WHAT YOU SHOULD DO ▸
Every entry that follows should be output exactly, and every image in it left out.

DATA SUPPLIED ▸
━━━━━━

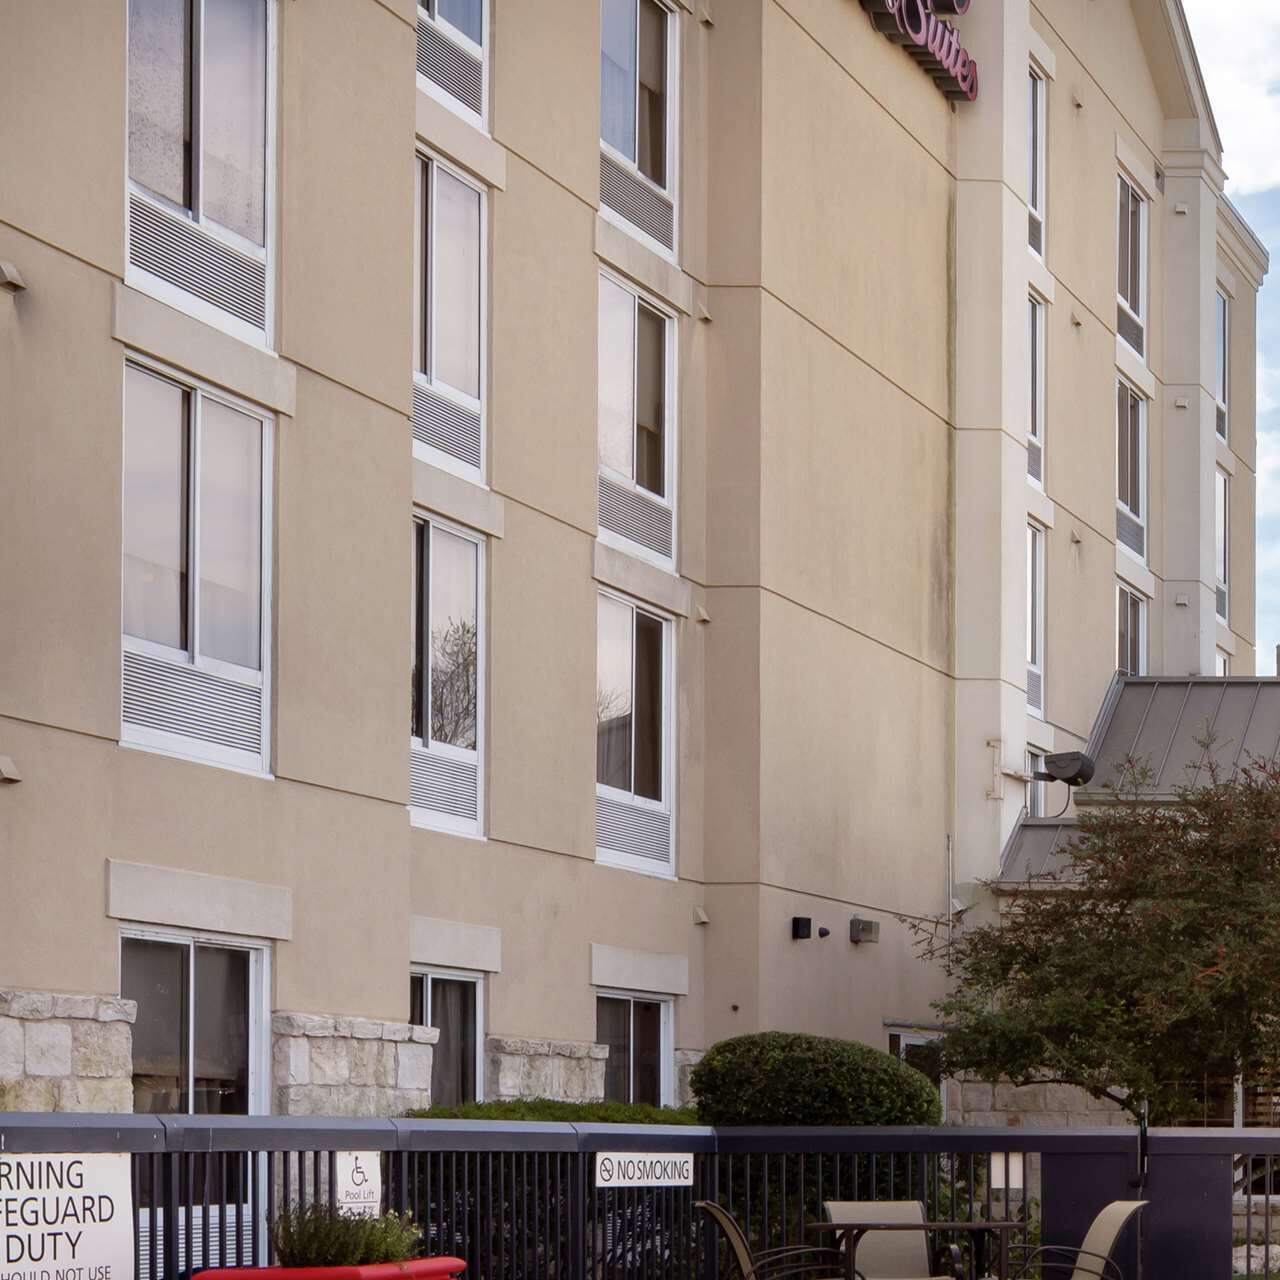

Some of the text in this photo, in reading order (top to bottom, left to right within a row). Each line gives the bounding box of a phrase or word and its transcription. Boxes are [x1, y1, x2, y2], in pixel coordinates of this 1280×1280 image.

[617, 1160, 689, 1180] NO SMOKING
[345, 1190, 361, 1200] Pool
[0, 1195, 115, 1226] EGUARD
[6, 1231, 82, 1264] DUTY
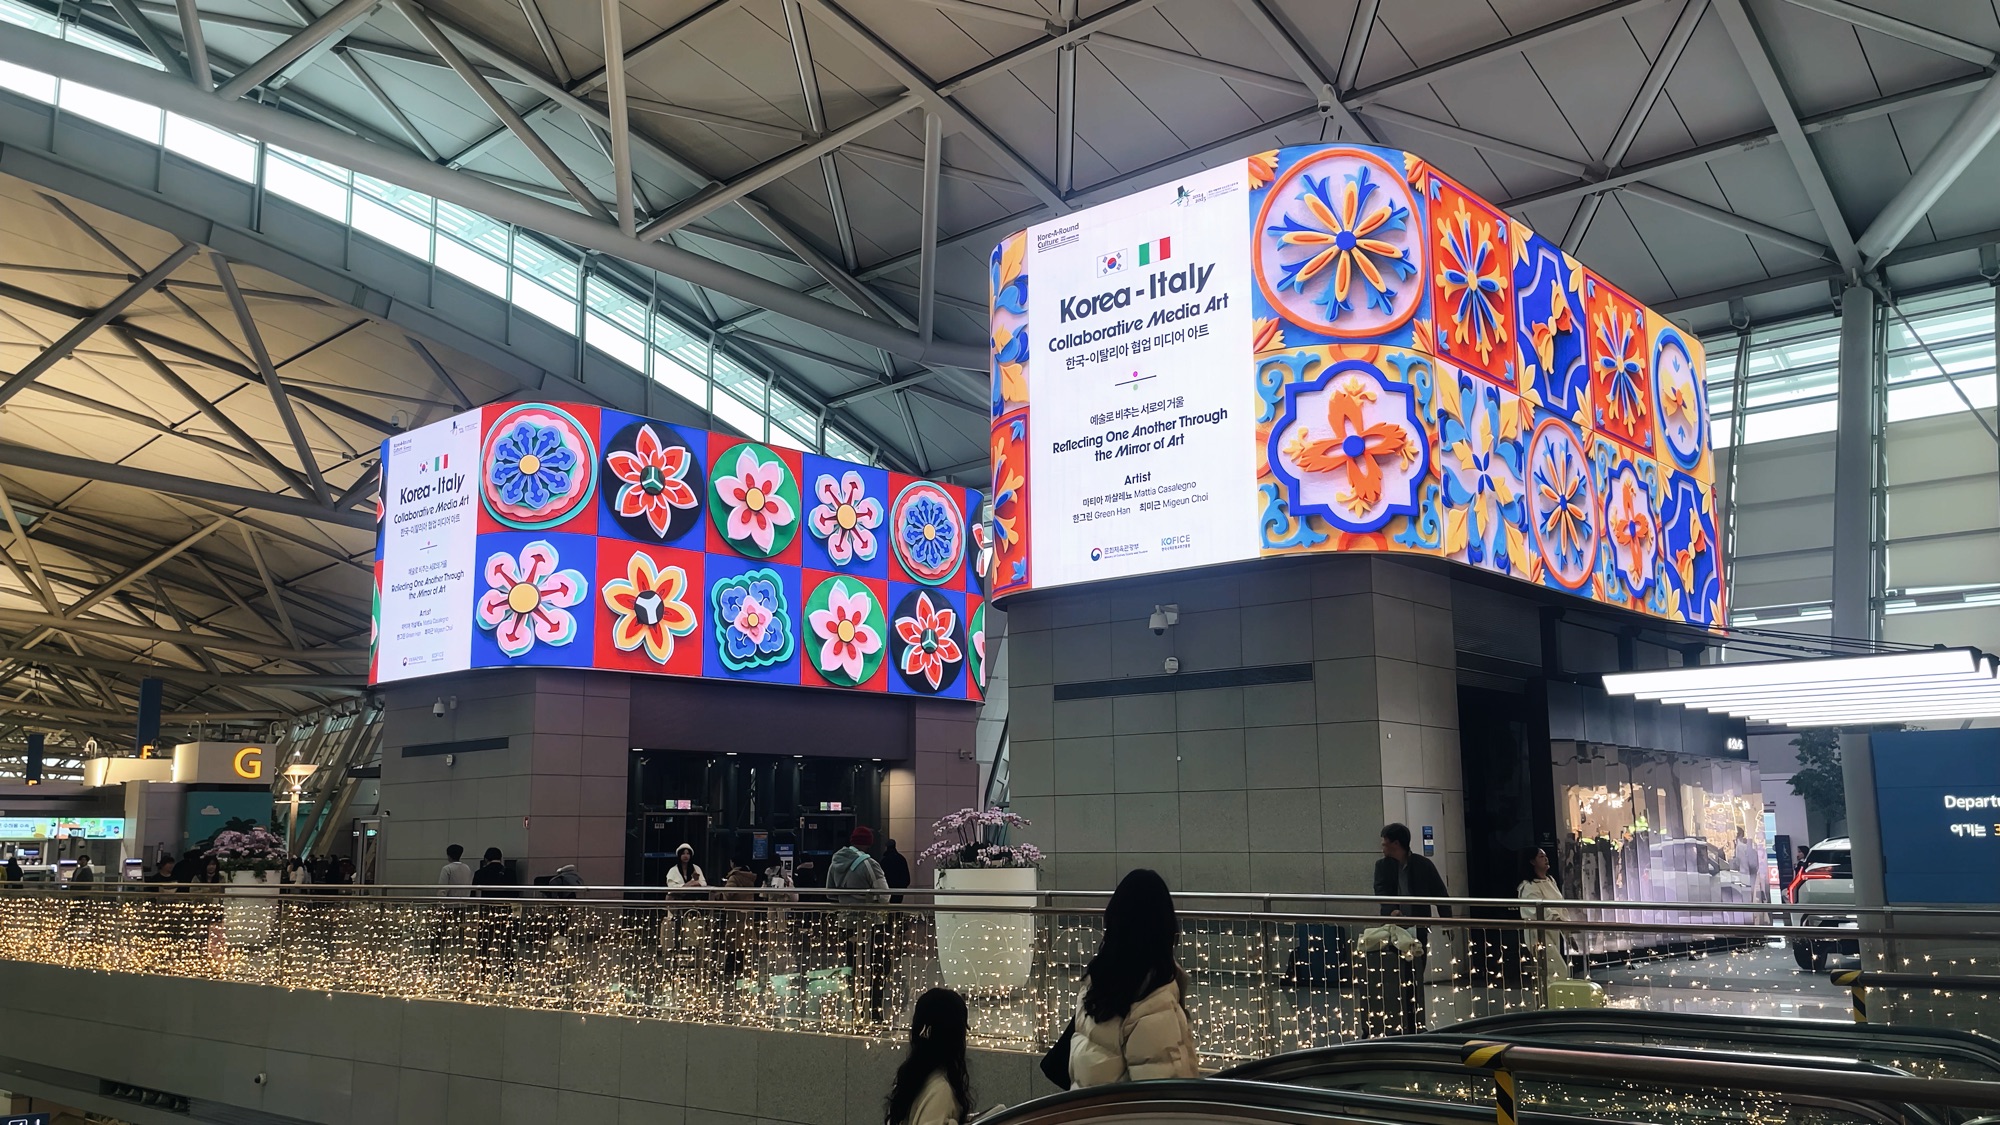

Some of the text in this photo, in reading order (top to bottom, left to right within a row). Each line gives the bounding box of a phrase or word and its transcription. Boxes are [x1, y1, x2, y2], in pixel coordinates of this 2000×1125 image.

[1037, 237, 1059, 249] Culture
[1060, 286, 1131, 324] Korea
[1150, 262, 1216, 300] Italy
[1048, 292, 1229, 353] Collaborative Media Art
[1065, 323, 1210, 371] 한국-이탈리아 협업 미디어 아트
[1090, 395, 1185, 426] 예술로 비추는 서로의 거울
[1052, 408, 1228, 454] Reflecting One Another Through
[1095, 433, 1185, 462] the Mirror of Art
[400, 484, 431, 505] Korea
[438, 473, 465, 495] Italy
[1124, 471, 1151, 486] Artist
[1134, 484, 1157, 499] Mattia
[1158, 480, 1197, 497] Casalegno
[393, 494, 470, 524] Collaborative Media Art
[1072, 506, 1131, 524] 한그린 Green Han
[1163, 496, 1190, 509] Migeun
[1191, 492, 1209, 505] Choi
[1161, 534, 1191, 546] KOFICE
[142, 745, 154, 759] F
[233, 747, 262, 779] G
[1950, 823, 1987, 837] 여기는
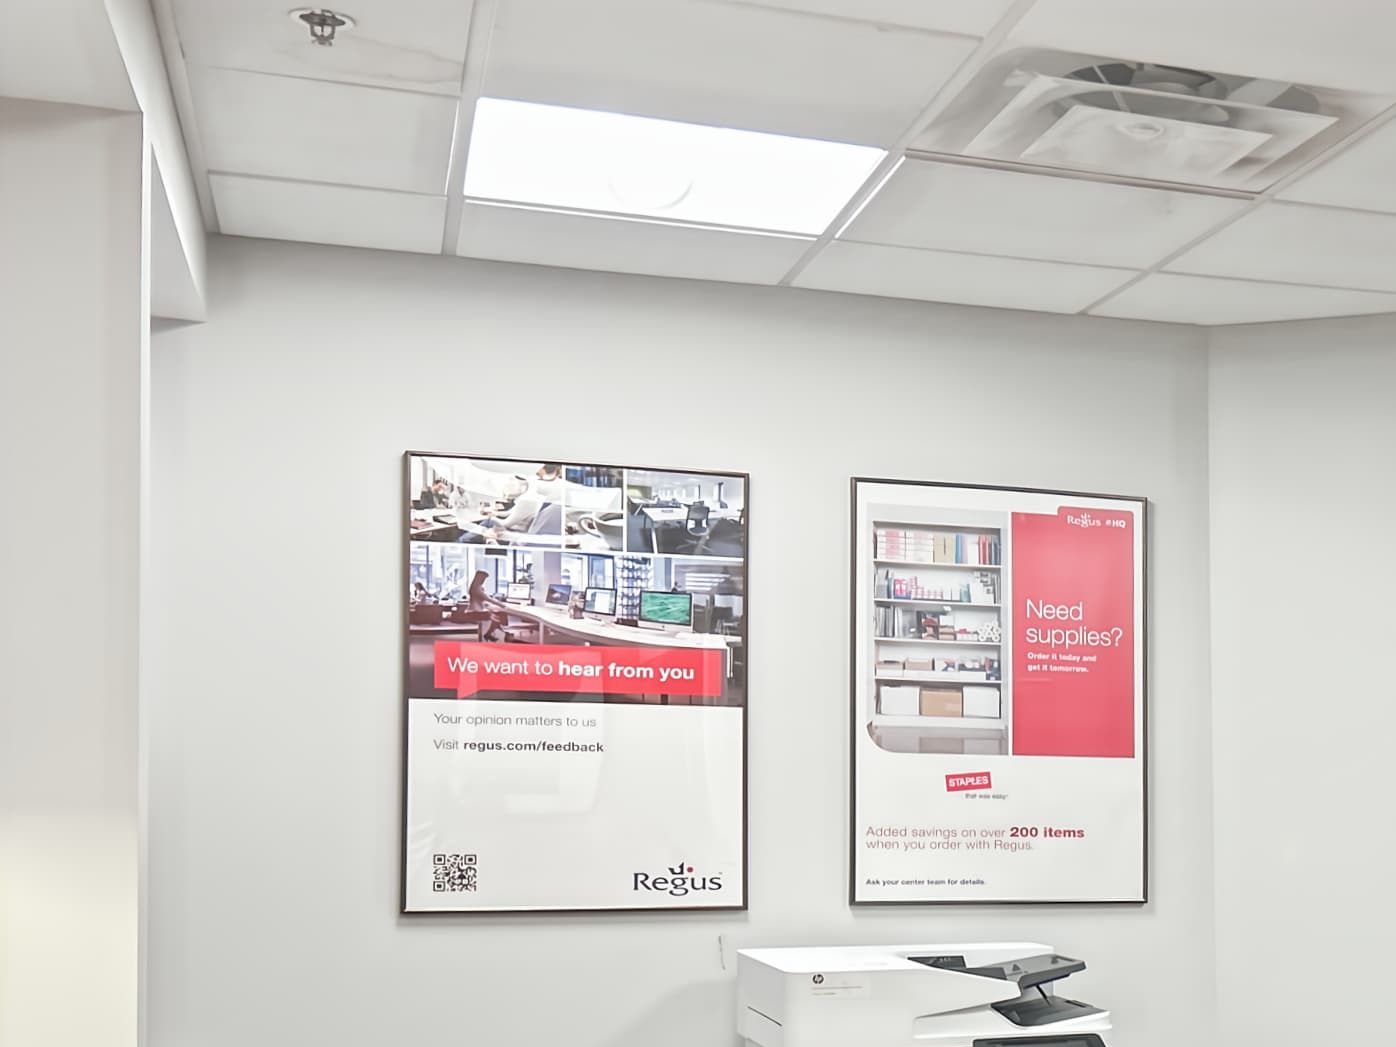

━━━━━━

RESPONSE TO THIS TASK ▸
Some of the text in this photo, in reading order (top to bottom, left to right within a row). Each line gives the bounding box of a phrase or word and its transcription. Boxes are [x1, y1, x2, y2], in pixel coordinates of this 1280×1280 image.

[617, 1160, 689, 1180] NO SMOKING
[345, 1190, 361, 1200] Pool
[0, 1195, 115, 1226] EGUARD
[6, 1231, 82, 1264] DUTY

Some of the text in this photo, in reading order (top to bottom, left to right within a row). Each line gives the bounding box of a phrase or word and its transcription. Boxes are [x1, y1, x2, y2], in pixel coordinates of this 2000×1125 image.

[1037, 237, 1059, 249] Culture
[1060, 286, 1131, 324] Korea
[1150, 262, 1216, 300] Italy
[1048, 292, 1229, 353] Collaborative Media Art
[1065, 323, 1210, 371] 한국-이탈리아 협업 미디어 아트
[1090, 395, 1185, 426] 예술로 비추는 서로의 거울
[1052, 408, 1228, 454] Reflecting One Another Through
[1095, 433, 1185, 462] the Mirror of Art
[400, 484, 431, 505] Korea
[438, 473, 465, 495] Italy
[1124, 471, 1151, 486] Artist
[1134, 484, 1157, 499] Mattia
[1158, 480, 1197, 497] Casalegno
[393, 494, 470, 524] Collaborative Media Art
[1072, 506, 1131, 524] 한그린 Green Han
[1163, 496, 1190, 509] Migeun
[1191, 492, 1209, 505] Choi
[1161, 534, 1191, 546] KOFICE
[142, 745, 154, 759] F
[233, 747, 262, 779] G
[1950, 823, 1987, 837] 여기는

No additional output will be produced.